WORK ITEM: Your response should consist of the entries below, written out exactly.

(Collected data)
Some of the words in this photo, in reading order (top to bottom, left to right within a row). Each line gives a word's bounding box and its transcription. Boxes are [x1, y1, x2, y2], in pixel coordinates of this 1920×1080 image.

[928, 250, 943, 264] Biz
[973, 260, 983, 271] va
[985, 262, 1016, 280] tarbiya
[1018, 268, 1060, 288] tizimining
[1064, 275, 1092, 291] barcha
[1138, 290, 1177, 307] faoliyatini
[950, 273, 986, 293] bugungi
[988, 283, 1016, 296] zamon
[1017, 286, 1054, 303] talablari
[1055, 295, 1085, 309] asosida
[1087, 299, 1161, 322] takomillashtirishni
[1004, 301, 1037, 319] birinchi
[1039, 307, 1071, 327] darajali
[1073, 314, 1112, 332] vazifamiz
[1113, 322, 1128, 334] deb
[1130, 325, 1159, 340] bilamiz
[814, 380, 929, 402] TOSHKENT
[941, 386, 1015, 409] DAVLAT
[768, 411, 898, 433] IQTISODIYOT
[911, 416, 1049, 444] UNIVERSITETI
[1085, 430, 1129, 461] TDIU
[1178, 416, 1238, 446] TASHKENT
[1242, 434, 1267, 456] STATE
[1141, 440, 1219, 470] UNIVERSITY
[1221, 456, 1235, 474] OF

TASK RESPONSE:
Some of the words in this photo, in reading order (top to bottom, left to right within a row). Each line gives a word's bounding box and its transcription. Boxes are [x1, y1, x2, y2], in pixel coordinates of this 1920×1080 image.

[928, 250, 943, 264] Biz
[973, 260, 983, 271] va
[985, 262, 1016, 280] tarbiya
[1018, 268, 1060, 288] tizimining
[1064, 275, 1092, 291] barcha
[1138, 290, 1177, 307] faoliyatini
[950, 273, 986, 293] bugungi
[988, 283, 1016, 296] zamon
[1017, 286, 1054, 303] talablari
[1055, 295, 1085, 309] asosida
[1087, 299, 1161, 322] takomillashtirishni
[1004, 301, 1037, 319] birinchi
[1039, 307, 1071, 327] darajali
[1073, 314, 1112, 332] vazifamiz
[1113, 322, 1128, 334] deb
[1130, 325, 1159, 340] bilamiz
[814, 380, 929, 402] TOSHKENT
[941, 386, 1015, 409] DAVLAT
[768, 411, 898, 433] IQTISODIYOT
[911, 416, 1049, 444] UNIVERSITETI
[1085, 430, 1129, 461] TDIU
[1178, 416, 1238, 446] TASHKENT
[1242, 434, 1267, 456] STATE
[1141, 440, 1219, 470] UNIVERSITY
[1221, 456, 1235, 474] OF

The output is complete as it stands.